Dr. Peter describes a fundamental shift in how he thought about his role: not as the authority who tells patients what to do, but as a guide who helps them make informed decisions about their own bodies. He pushed back on the idea of the patient who packages up their body and hands it to the doctor to fix. Instead, his job was to give people information, ask what they wanted, and meet them where they were — even if that meant finding exercises they actually enjoyed rather than prescribing a routine they'd never stick to. The result, as Tracy confirms from her own experience with a collaborative provider, is dramatically higher compliance and a far more durable patient relationship. 

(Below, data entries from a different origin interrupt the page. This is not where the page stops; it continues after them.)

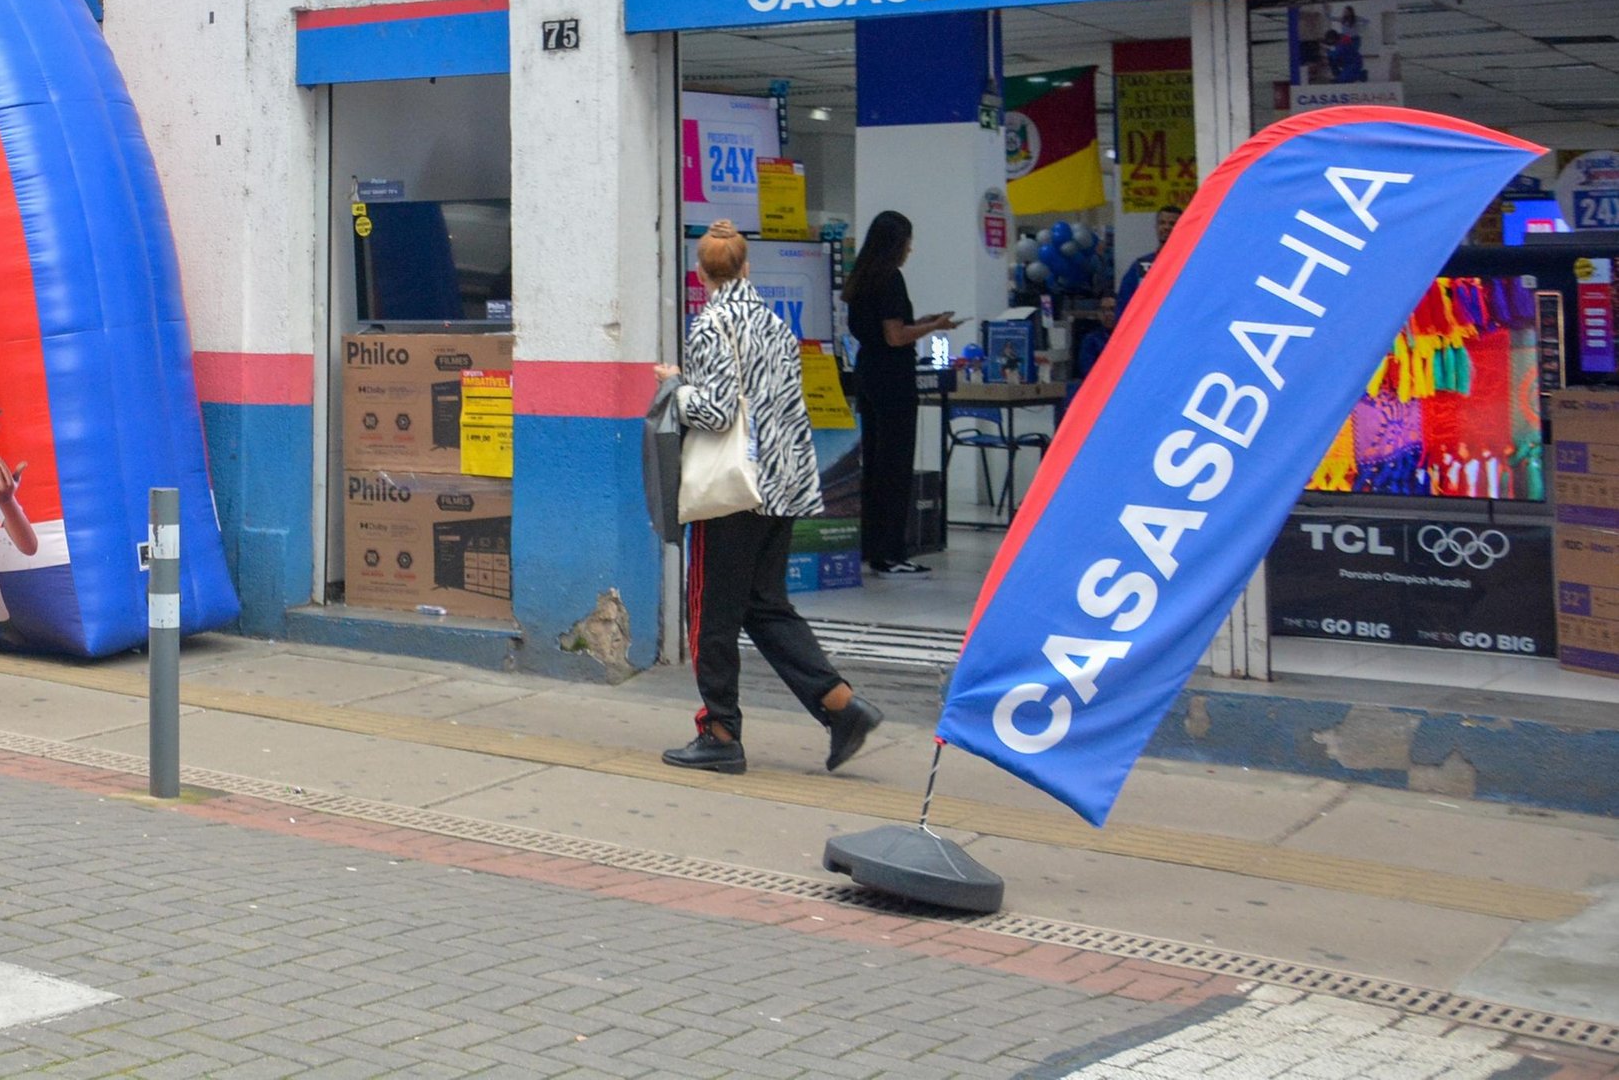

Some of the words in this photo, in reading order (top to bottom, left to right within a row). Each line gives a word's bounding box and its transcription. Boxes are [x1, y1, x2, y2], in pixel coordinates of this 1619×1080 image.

[545, 21, 578, 49] 75
[709, 145, 757, 184] 24X
[346, 341, 410, 365] Philco
[462, 375, 509, 387] IMBATÍVEL
[992, 164, 1415, 756] CASASBAHIA
[348, 477, 412, 503] Philco
[1300, 523, 1395, 556] TCL
[1338, 568, 1382, 581] Parceiro
[1428, 575, 1472, 589] Mundial
[1321, 617, 1351, 635] GO
[1355, 620, 1392, 639] BIG
[1458, 630, 1492, 648] GO
[1496, 634, 1536, 653] BIG

What role does creativity play in healthcare leadership? 

Dr. Peter draws an unexpected parallel between Walt Disney's imagineers and the kind of leadership healthcare needs. What inspired him about Disney wasn't the brand — it was the commitment to letting human creativity operate outside the constraints of convention, looking at problems from different angles and building experiences no algorithm could anticipate. He believes that's the one human capacity that will never be replicated by AI, and it's precisely what practice owners need to solve the complex, human problems they face every day. 

Episode Highlights 

  • Dr. Peter's 42-year private practice journey and what led him to leave it for academia 

  • Why he describes himself as a "voice of conscience" for chiropractors throughout his career 

  • The critical difference between a caregiver and a businessperson — and what happens when they collide 

  • Why Dr. Peter believes third-party payers have fundamentally distorted the healthcare system 

  • The "angel plan": how he made care accessible without undermining his business 

  • Why patient compliance goes up when patients feel genuinely heard and empowered 

  • Disney's imagineers as a model for creative leadership in healthcare 

  • His simple, profound final message: everyone wants to feel heard, significant, and loved 

Memorable Quotes 

"Sometimes we lose healthcare in the business of healthcare." 

— Dr. Peter Kevorkian 

"When your actions and your words aren't aligned to your values and principles, that rots people away from the inside." 

— Dr. Peter Kevorkian 

"You can live outside the system and do it honestly, ethically, and in a compassionate way." 

— Dr. Peter Kevorkian 

"More than anything else, everyone wants to feel heard. They want to feel significant. And more than anything else, they want to be loved." 

— Dr. Peter Kevorkian 

"The system is really a sick care system. We give people benefits for having a condition — and virtually nothing to empower their body to become healthier and stronger." 

— Dr. Peter Kevorkian 

 

Dr. Peter Kevorkian has spent over four decades reminding healthcare practitioners of something that's easy to forget in the weeds of running a practice: you are here to serve people, and everything else is in service of that. If the business of healthcare has started to crowd out the heart of it for you, this episode is a good place to start finding your way back. Visit lifewest.edu to learn more about Dr. Peter's work and Life Chiropractic College West, and explore thrivingpracticecommunity.com for resources to help you build a practice that sustains you as much as it serves your patients. 

Guest Bio: 

Dr. Peter Kevorkian is the 4th President of Life West Chiropractic College and a chiropractor with over 40 years of practice, teaching, and global leadership experience. Known for his philosophy of Give. Do. Love. Serve., he has mentored thousands of practitioners, served on the boards of the ICPA and Sherman College, and spent decades helping families — and the practitioners who serve them — live with greater purpose, clarity, and joy.